Paton was born in Aniwa, New Hebrides, to Rev. Dr. John Gibson Paton (24 May 1824 – 28 January 1907), one of the first missionaries to the New Hebrides (now Vanuatu), and his second wife Margaret "Maggie" Paton, née Whitecross, (1841–1905), whom he married in 1864.

Paton attended Scotch College, Melbourne (1881-1887) and received his theological education at Ormond College, Melbourne and the University of Glasgow. He graduated from the University of Melbourne (M.A., 1892) and from St Andrews (B.D., 1896).

==Missionary service==
Paton was ordained in Melbourne in November 1895, and worked as a missionary in West Tanna, New Hebrides, from 1896 to 1902, when he was forced to leave through ill health.

==Army and later career==
Paton enlisted into the Australian army and served during World War I as a chaplain (Captain) from 1918 to 1919.

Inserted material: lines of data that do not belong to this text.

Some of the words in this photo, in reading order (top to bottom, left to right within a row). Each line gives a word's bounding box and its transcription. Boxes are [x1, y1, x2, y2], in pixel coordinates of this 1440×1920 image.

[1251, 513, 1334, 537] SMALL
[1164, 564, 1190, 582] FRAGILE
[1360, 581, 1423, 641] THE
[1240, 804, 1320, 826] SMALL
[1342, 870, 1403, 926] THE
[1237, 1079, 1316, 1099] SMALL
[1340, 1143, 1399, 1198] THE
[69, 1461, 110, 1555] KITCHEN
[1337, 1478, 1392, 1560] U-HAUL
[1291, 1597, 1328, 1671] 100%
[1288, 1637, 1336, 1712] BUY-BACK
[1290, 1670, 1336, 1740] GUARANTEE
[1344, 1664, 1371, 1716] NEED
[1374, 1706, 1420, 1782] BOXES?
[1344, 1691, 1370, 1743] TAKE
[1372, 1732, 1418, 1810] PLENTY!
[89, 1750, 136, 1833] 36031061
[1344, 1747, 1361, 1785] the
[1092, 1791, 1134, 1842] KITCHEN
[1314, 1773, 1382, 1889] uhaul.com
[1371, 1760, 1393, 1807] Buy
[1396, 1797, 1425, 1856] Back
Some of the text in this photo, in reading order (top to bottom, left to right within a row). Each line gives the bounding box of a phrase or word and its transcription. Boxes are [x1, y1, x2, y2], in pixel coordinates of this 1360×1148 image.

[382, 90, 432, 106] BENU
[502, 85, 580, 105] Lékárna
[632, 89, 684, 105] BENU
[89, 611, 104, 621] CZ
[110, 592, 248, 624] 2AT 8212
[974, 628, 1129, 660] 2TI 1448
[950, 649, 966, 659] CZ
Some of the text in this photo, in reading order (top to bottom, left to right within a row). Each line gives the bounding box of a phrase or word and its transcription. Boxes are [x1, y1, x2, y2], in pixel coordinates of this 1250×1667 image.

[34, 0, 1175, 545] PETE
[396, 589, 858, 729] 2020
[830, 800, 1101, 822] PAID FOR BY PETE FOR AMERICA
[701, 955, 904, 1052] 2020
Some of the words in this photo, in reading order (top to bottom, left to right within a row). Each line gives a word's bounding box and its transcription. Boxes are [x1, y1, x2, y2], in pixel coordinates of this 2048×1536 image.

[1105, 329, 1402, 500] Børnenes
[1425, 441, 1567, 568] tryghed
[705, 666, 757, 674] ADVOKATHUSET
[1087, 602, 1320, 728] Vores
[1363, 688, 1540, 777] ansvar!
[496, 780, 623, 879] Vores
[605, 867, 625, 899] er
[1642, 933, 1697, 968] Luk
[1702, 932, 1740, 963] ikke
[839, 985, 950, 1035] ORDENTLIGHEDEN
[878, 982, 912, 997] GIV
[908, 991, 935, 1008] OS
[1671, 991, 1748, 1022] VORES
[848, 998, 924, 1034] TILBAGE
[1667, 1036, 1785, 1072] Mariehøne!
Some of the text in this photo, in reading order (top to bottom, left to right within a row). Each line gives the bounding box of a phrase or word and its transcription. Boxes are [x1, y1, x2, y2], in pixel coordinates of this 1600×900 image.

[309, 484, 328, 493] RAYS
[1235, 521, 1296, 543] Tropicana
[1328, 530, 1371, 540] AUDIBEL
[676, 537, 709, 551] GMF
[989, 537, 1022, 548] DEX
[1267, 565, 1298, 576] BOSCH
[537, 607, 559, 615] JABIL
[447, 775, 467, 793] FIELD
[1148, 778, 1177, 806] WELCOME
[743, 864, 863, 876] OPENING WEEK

He was appointed the Presbyterian Church's foreign mission agent before taking charge of the Dunolly church 1904–1907 and serving as the Presbyterian church of Victoria's foreign mission secretary, 1908–1925.

In 1922 he was elected moderator (synod president) of the Presbyterian Church in Victoria.

He was a delegate to the Council of Churches in Victoria and succeeded A. E. Illingworth as president in 1924, but was unable through illness to see out his full year, and from March 1925 his duties were performed by the vice-president, W. S. Pearse. Nevertheless, in June 1925 he was able to take charge of the Deepdene Presbyterian church.

He retired around 1936 and died at his Deepdene home after a long illness, and his remains were buried at the Burwood cemetery.

==Recognition==
The Presbyterian church in Deepdene was renamed in his honor, and a window dedicated to his memory installed in 1946.

==Family==
Paton married Clara Sophia Heyer (3 September 1875 – 18 Jul 1966) on 19 February 1896. Their family included:
- Francis Heyer Paton (1898-1900)
- Professor Sir George Whitecross Paton (1902–1985)
- Rev. James Kennedy “Ken” Paton, (1904-1974) Presbyterian minister at Woodford, Victoria
- Clara Margaret "Peggy" Paton (1908-2002) married Rev Hedley P. Bunton, served as missioner in China
- Elizabeth Heyer "Betty" Paton, (1911-1971) missioner in Hong Kong, married Dr Frank Ashton
- Frances Amy Paton, (1918-1998) married Rev Dr Robin Boyd
They had a home at 44 Deepdene Road, Deepdene, Victoria.